Why just the 1970s? If they go further back, it disproves what they're trying to indoctrinate you with. They'd have you believe that bad storms never happened before. Hogg wash. In fact HOGG Island, NYC.
If you bothered to read the paper you'd see the data they present goes back to 1930, and only the recent increase in intensity starts in the 70s. And maybe you'd care to explain how a single storm from 1893 somehow disproves a peer-reviewed statistical analysis about storms getting stronger a hundred years later?
Likewise, please explain where the original "cold snap" study claims that Greenland before 1300 was "MUCH warmer" than today. Please explain how ice cores from two lakes in Greenland somehow mean that the average temperatures for the entire globe were warmer at that time, when no reconstruction places them anywhere close to modern levels. You think the Medieval Warm and Little Ice Age periods are unknown to climatologists? But you're already convinced it's all a scam, despite the evidence directly contradicting your claims.

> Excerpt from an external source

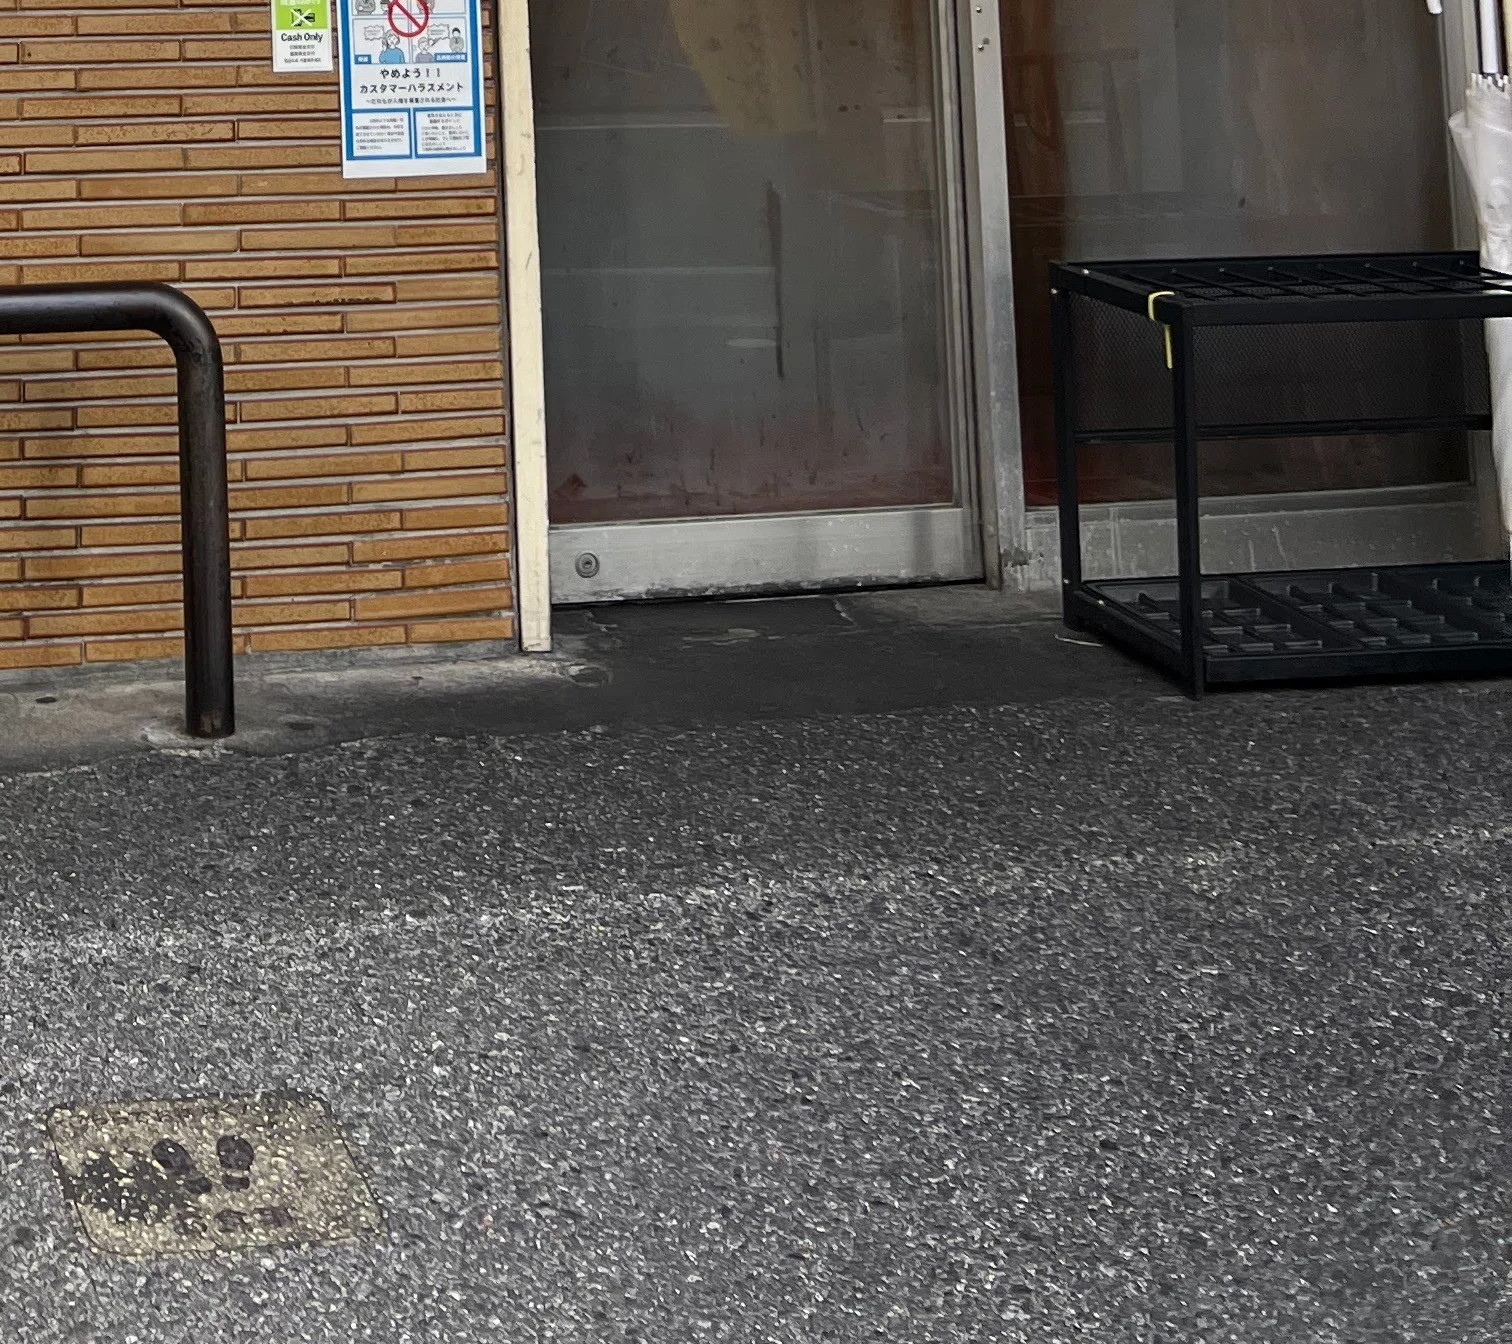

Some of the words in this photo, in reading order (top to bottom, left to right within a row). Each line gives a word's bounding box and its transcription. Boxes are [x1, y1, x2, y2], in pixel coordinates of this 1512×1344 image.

[280, 32, 303, 42] Cash
[304, 31, 324, 43] Only
[359, 81, 464, 94] カスタマーハラスメント

As for the fuel companies, do you really think that? You think that they won't adapt?
You really think they'll happily wave goodbye to trillions of dollars without a care in the world? You're quite wrong. They'll adapt if they're forced to, but you can be certain they'll do whatever they can to exploit the reserves they have first - there's plenty of evidence of them spending hundreds of millions to confuse and delay the issue as long as they can - just like the tobacco companies did.

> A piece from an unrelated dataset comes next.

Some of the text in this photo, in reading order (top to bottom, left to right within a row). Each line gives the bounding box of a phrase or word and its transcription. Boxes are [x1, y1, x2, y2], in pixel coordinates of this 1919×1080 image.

Instead, you're harping on about Al Gore - who's not even a scientist. Nobody cares what he says - we care what the climatologists say. They saw the problem long before Gore made a movie, and why would they care if he made money from it? Is Gore paying climatologists to falsify evidence? The ones doing that are the oil companies. Frankly, your efforts to claim that Gore somehow orchestrated the whole thing to make a buck are laughable in the face of the evidence - all the more so when you're so keen to ignore the FAR bigger amounts being made by those who benefit from ignoring it.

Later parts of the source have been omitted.